Masklin took her gently by the arm.
'I think he wants to be alone for a while,' he said. He pulled the tip of his spear across the broad sheet of paper, creasing it, and folded it up until it was small enough to carry.
'I expect the Abbot will want to see it,' he said. 'He'll never believe us if we-' He stopped. Grimma was staring over his shoulder. He turned, and looked out through the glass part of the great door into the corridor beyond. There was a shadow out there. Human-shaped. And growing bigger.
What is it?' she said.
Masklin gripped the spear. 'I think,' he said, 'it may be Prices Slashed.' They turned and hurried over to Gurder.
'There's someone coming,' Masklin whispered. 'Get down to the floor, quickly!' 'Demolished!' moaned Gurder, hugging himself and rocking from side to side. 'Everything Must Go! Final Reductions! We're all doomed!' 'Yes, but do you think you could go and be doomed on the floor?' said Masklin.
'He's not himself; you can see that,' said Grimma. 'Come on,' she added, in a horribly cheerful voice. 'Upsydaisy.' She lifted him up bodily and helped him towards the rope of clips. Masklin followed them, walking backwards with his eye on the door.
He thought: he has seen the light. It should be dark in here now, and he has seen the light. But I'll never get it off in time and anyway, it won't make any difference. I don't believe in any demon called Prices Slashed and now, here he comes. What a strange world.
He sidled into the shade of a pile of paper, and waited.
He could hear Gurder's feeble protests, down around floor level, suddenly stop. Perhaps Grimma had hit him with something. She had a way of taking obvious action in a crisis.
The door drifted open, very slowly. There was a figure there. It looked like a human in a blue suit. Masklin wasn't much of a judge of human expressions, but the man didn't look very happy. In one hand he held a metal tube. Light shone out of one end. His terrible light, Masklin thought.
The figure came closer, in that slow-motion, sleep-walking way that humans had.

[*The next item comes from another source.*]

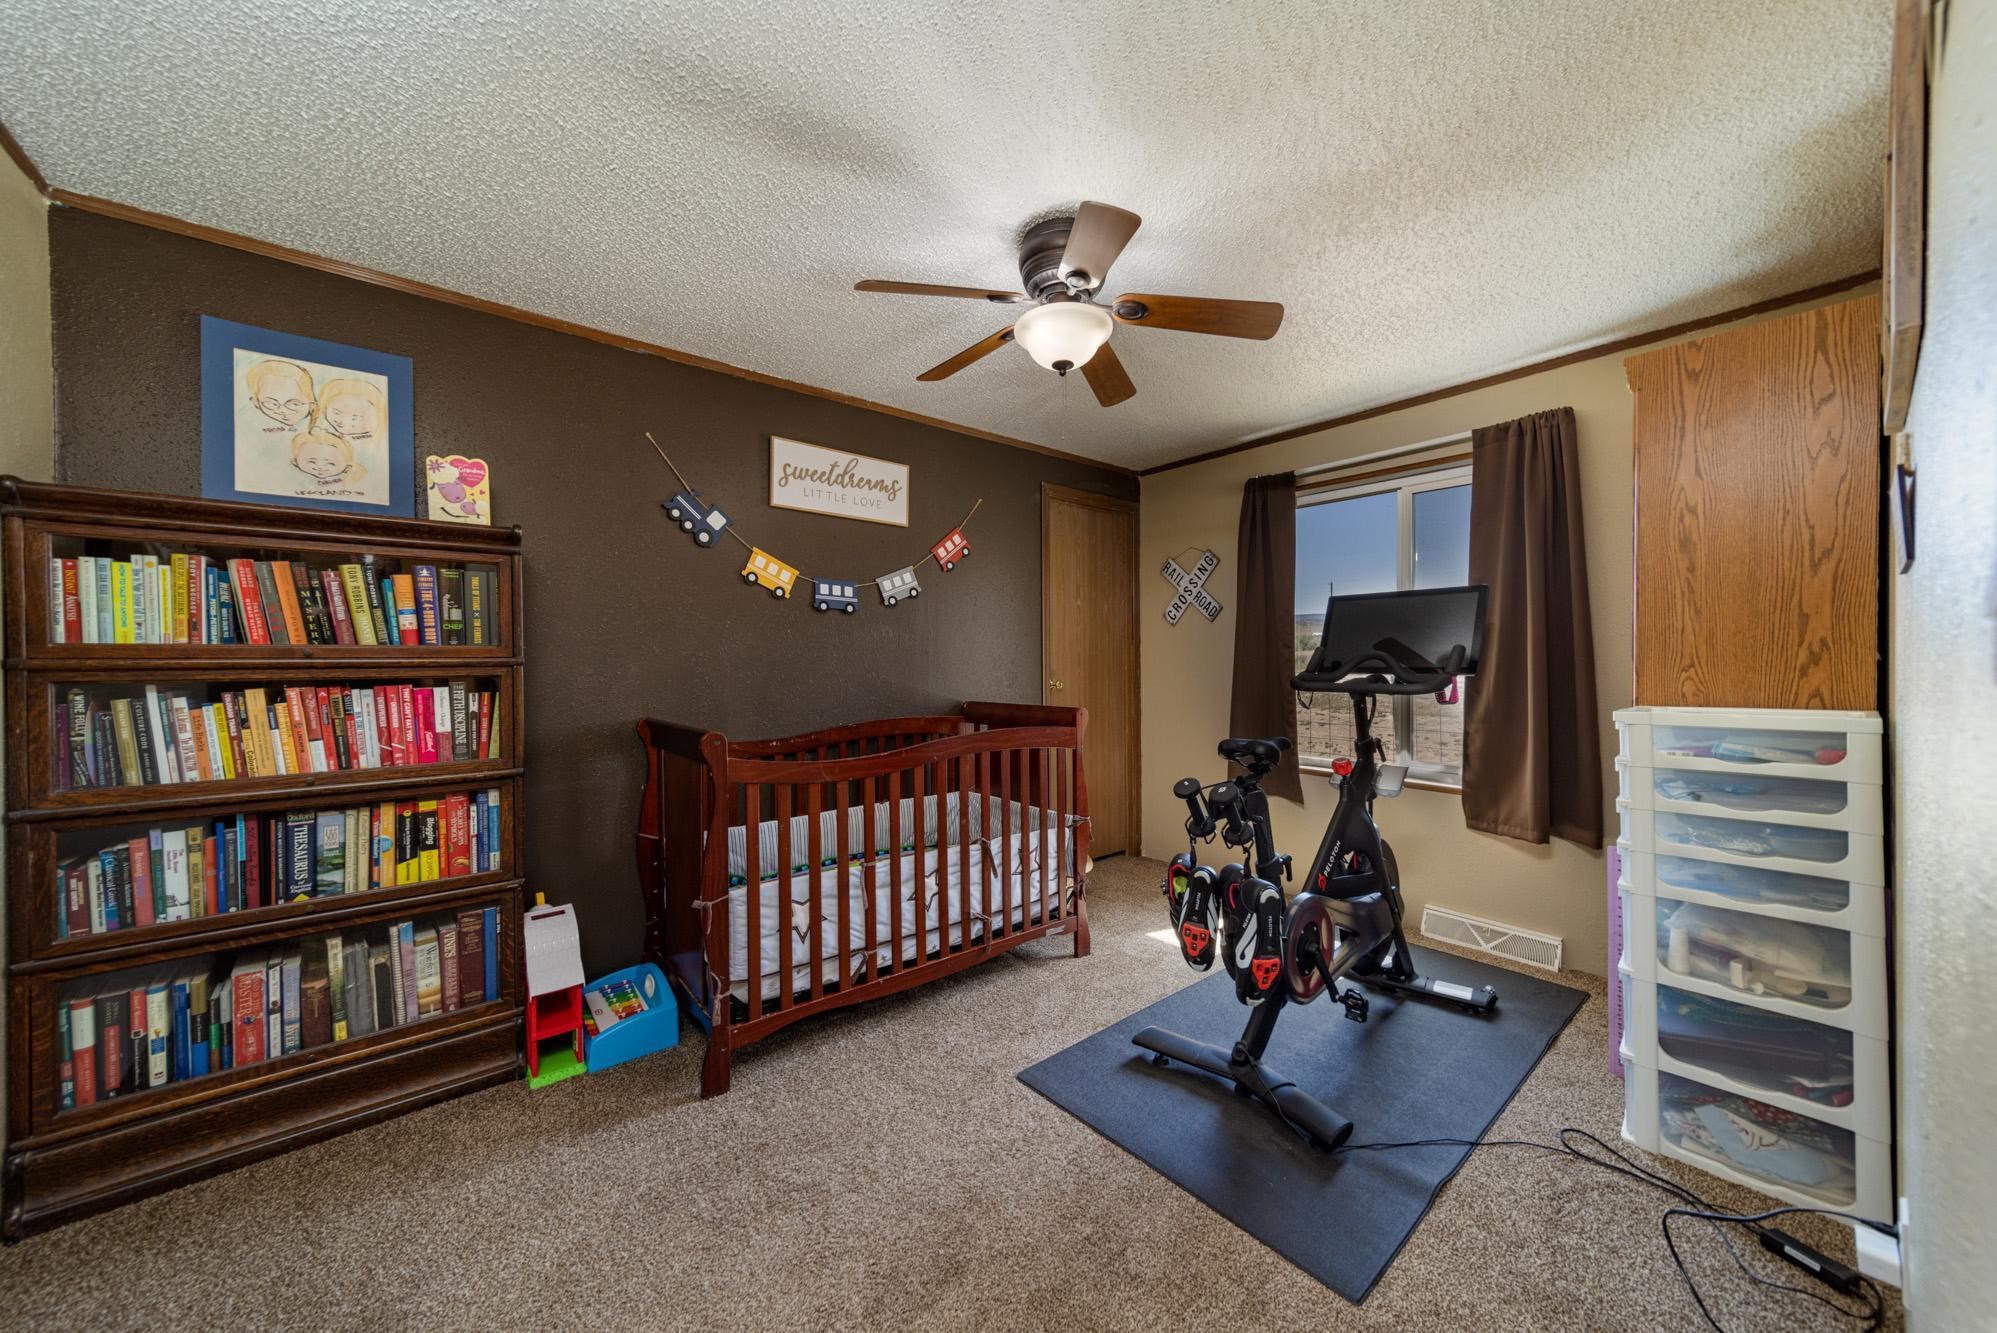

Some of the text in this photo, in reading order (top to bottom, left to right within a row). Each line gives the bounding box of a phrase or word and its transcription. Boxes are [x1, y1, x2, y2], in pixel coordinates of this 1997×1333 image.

Masklin peered around the paper, fascinated despite himself. He looked up into a round, red face, felt the breath, saw the peaked hat.
He'd learned that humans in the Store had their names on little badges, because he'd been told -they were so stupid they wouldn't remember them otherwise. This man had his name on his hat. Masklin squinted and made out the shape of the letters: S... E .... ....... R...... T ..Y. He had a white moustache.
The man straightened up and started to walk around the room. They're not stupid, Masklin told himself. He's bright enough to know there shouldn't be a light on, and he wants to find out why. He's bound to see the others if he just looks in the right place. Even a human could see them.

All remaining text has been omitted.